Par LUIZ MARQUES*
Les progressistes doivent traduire le mantra jacobin pour défier les cœurs et les esprits de l’ensemble de la population aujourd’hui.
Le concept de « communauté » peut faire référence soit à un certain groupe social, soit aux caractéristiques et valeurs partagées par ses membres. Cela peut également équivaloir à « l’intérêt public » et au « bien commun ». A partir de la notion de communauté, il est possible de déconstituer le schéma individualiste et atomiste du libéralisme classique, qui soutient le néolibéralisme de Société du Mont Pélerin (Friedrich Hayek, Ludwig von Mises, Milton Friedman). Il s’agit cependant d’un concept polysémique.
La construction de l’individualisme falsifie l’existence d’individus, qui ne se développent qu’en interaction avec les autres, au sein d’une communauté. Le processus d’enseignement-apprentissage et d’appartenance se déroule collectivement. L’individu n’est pas un loup solitaire dans la jungle capitaliste, participant à une « guerre de tous contre tous ». La fiction de l’idéologie néolibérale cherche à justifier le dogme selon lequel la « liberté individuelle » ne doit pas être sacrifiée, même au nom du collectif. C'est un modèle d'individualité sans empathie pour la souffrance des autres. La violation des règles sanitaires pendant la pandémie (masques, isolement social) dévoile le couvercle, avec des attitudes autosuffisantes.

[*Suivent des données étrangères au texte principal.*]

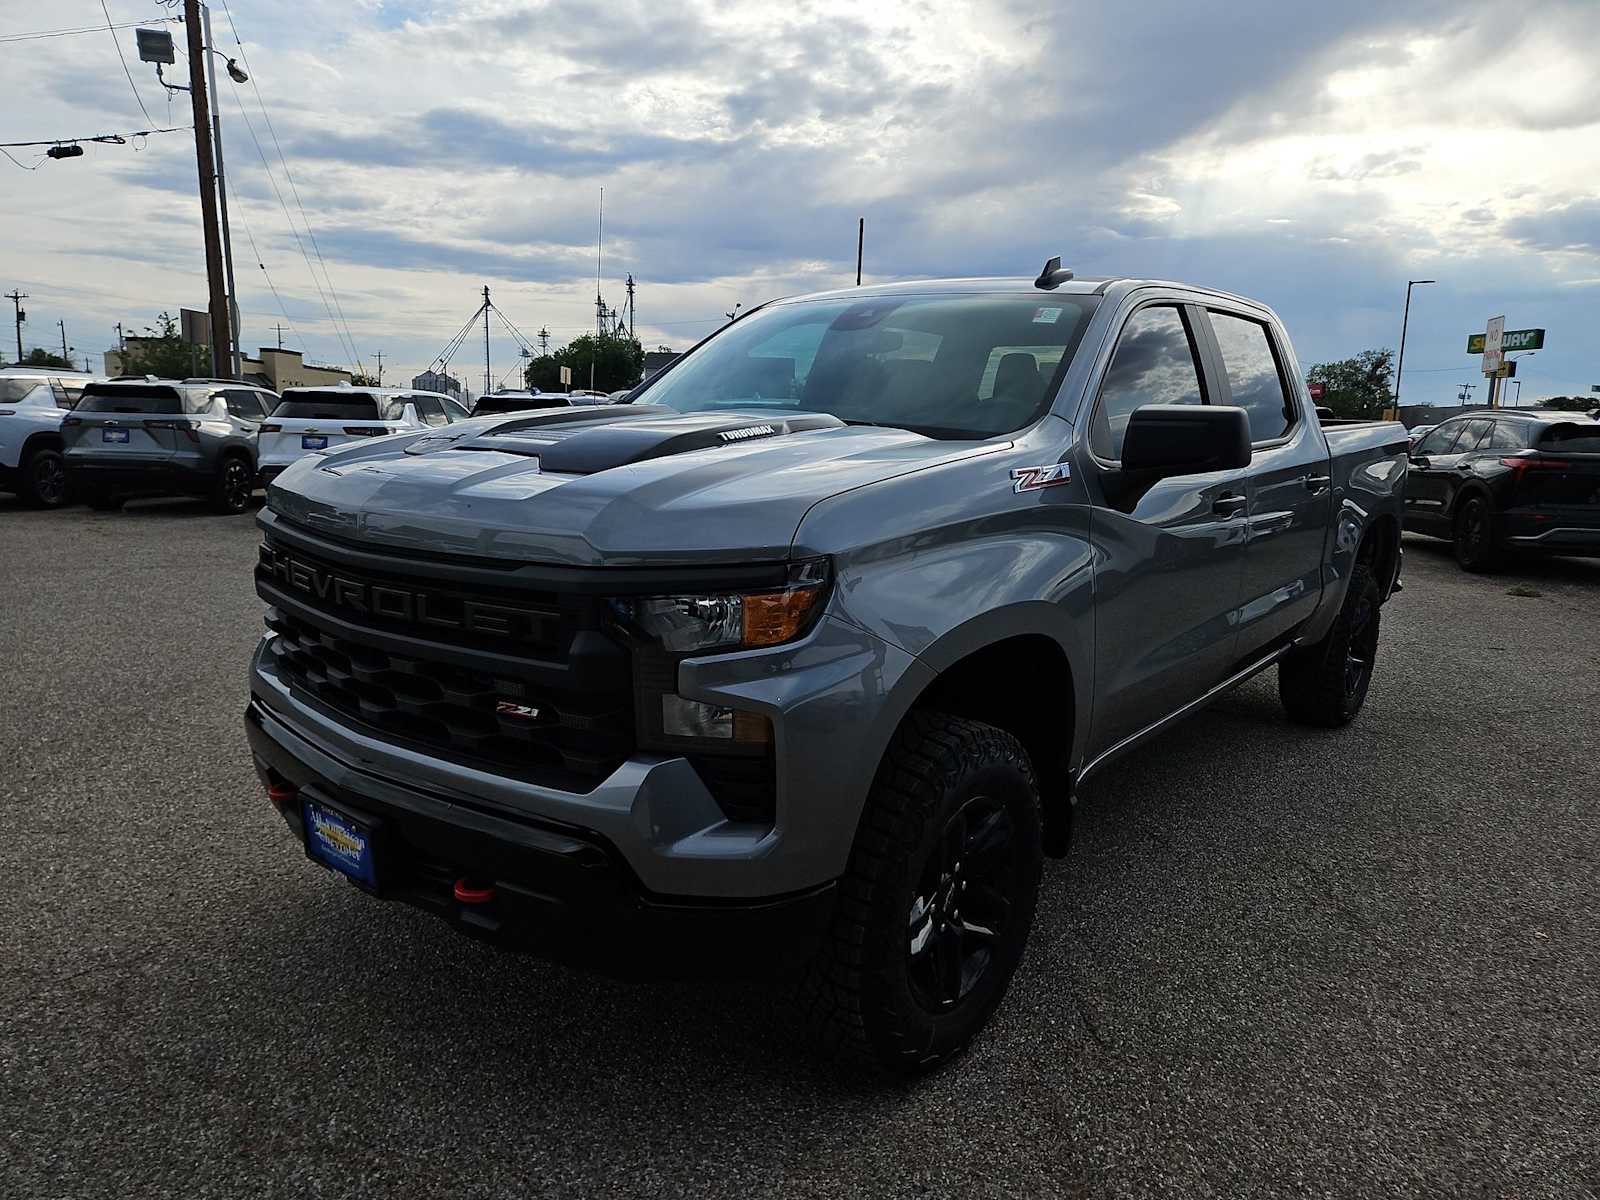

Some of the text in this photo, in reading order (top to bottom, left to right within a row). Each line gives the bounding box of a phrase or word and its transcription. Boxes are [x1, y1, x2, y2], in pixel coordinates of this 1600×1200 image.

[1471, 332, 1535, 350] SWAY
[717, 424, 775, 441] TURBOMAX
[1011, 462, 1071, 493] Z71
[258, 542, 561, 637] CHEVROLET
[495, 701, 540, 719] Z71
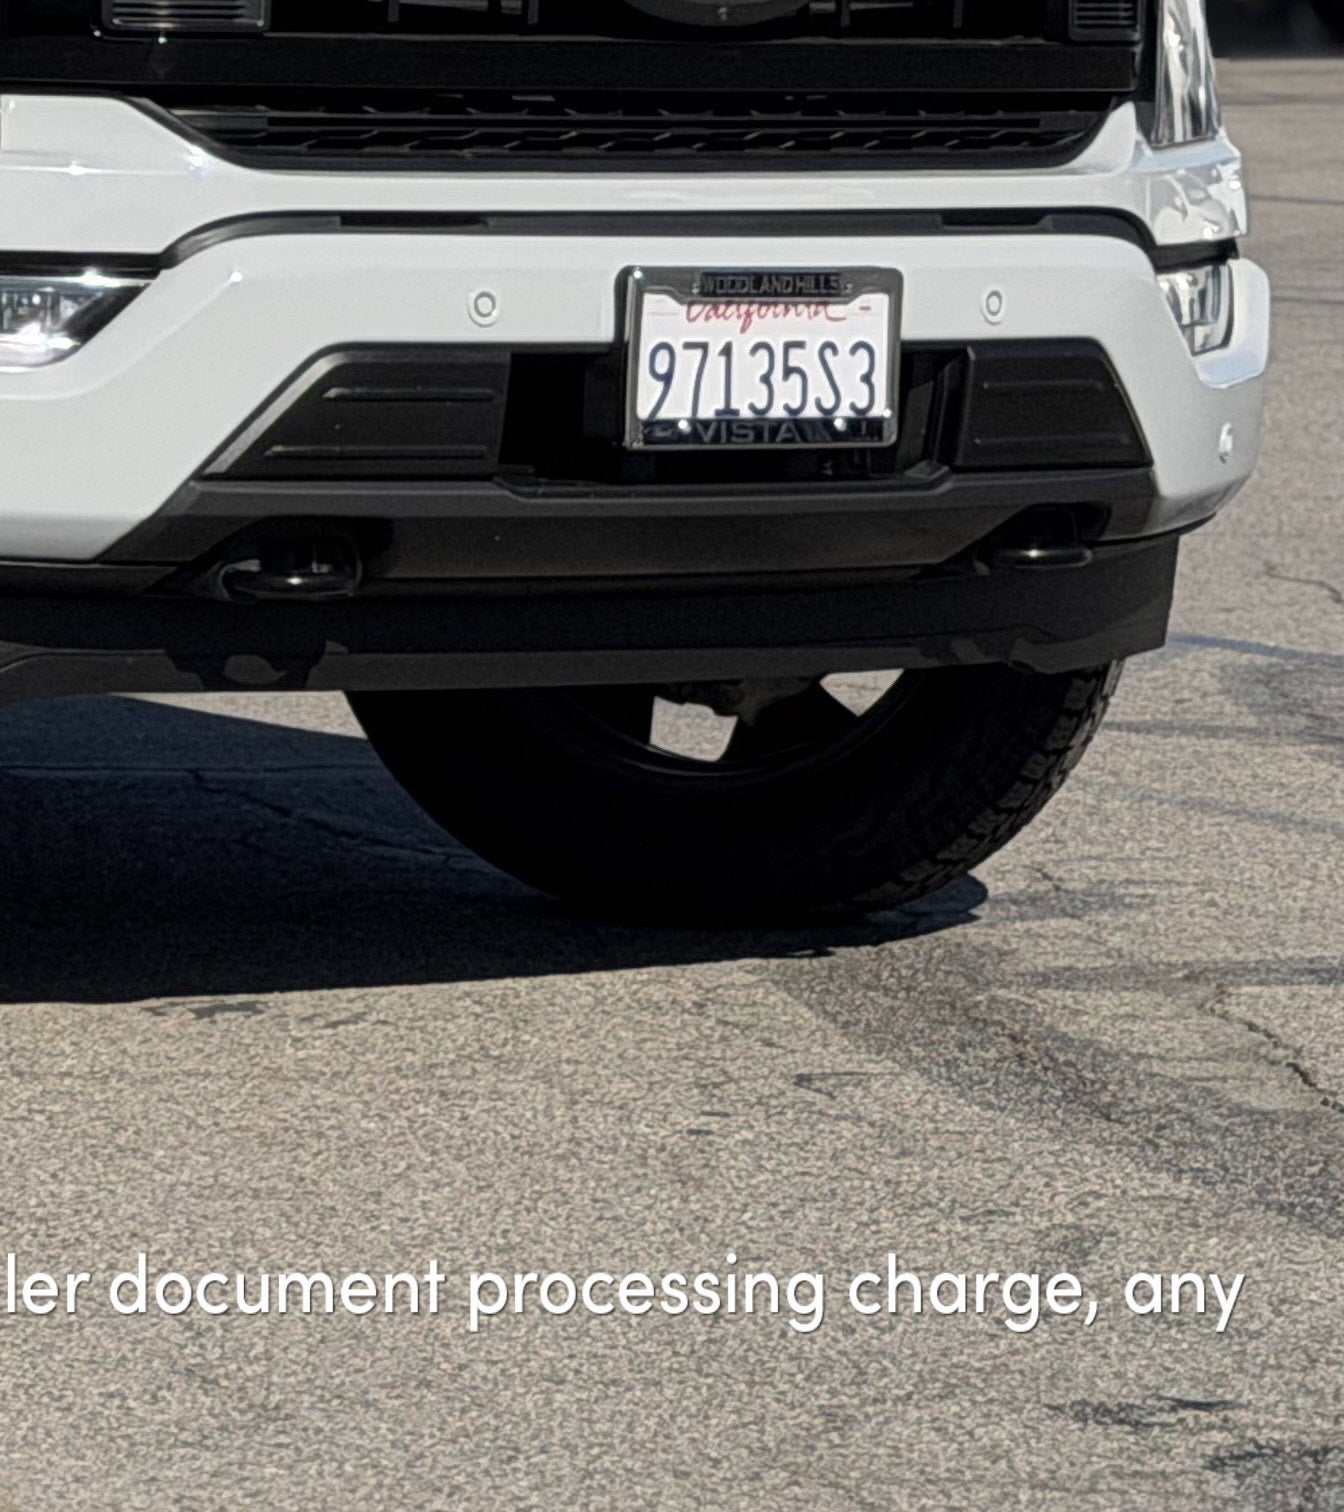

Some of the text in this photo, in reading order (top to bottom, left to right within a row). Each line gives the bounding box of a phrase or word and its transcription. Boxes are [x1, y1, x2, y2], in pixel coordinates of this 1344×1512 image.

Les conceptions dérivées de cette matrice théorique font abstraction des acteurs de la vie réelle et prennent une apparence irréaliste et incohérente. La fantasy incarne les préjugés du libre marché et de l’entrepreneuriat dans une pantomime idéologique au service de l’accumulation capitaliste. La nature sociale des humains est un fait incontestable. La sagesse nous oblige à penser la société sur la base des institutions et des communautés qui forment l’ordre social – traditionnel et moderne. Le reste n’est que pur narcissisme, tempéré par l’ignorance.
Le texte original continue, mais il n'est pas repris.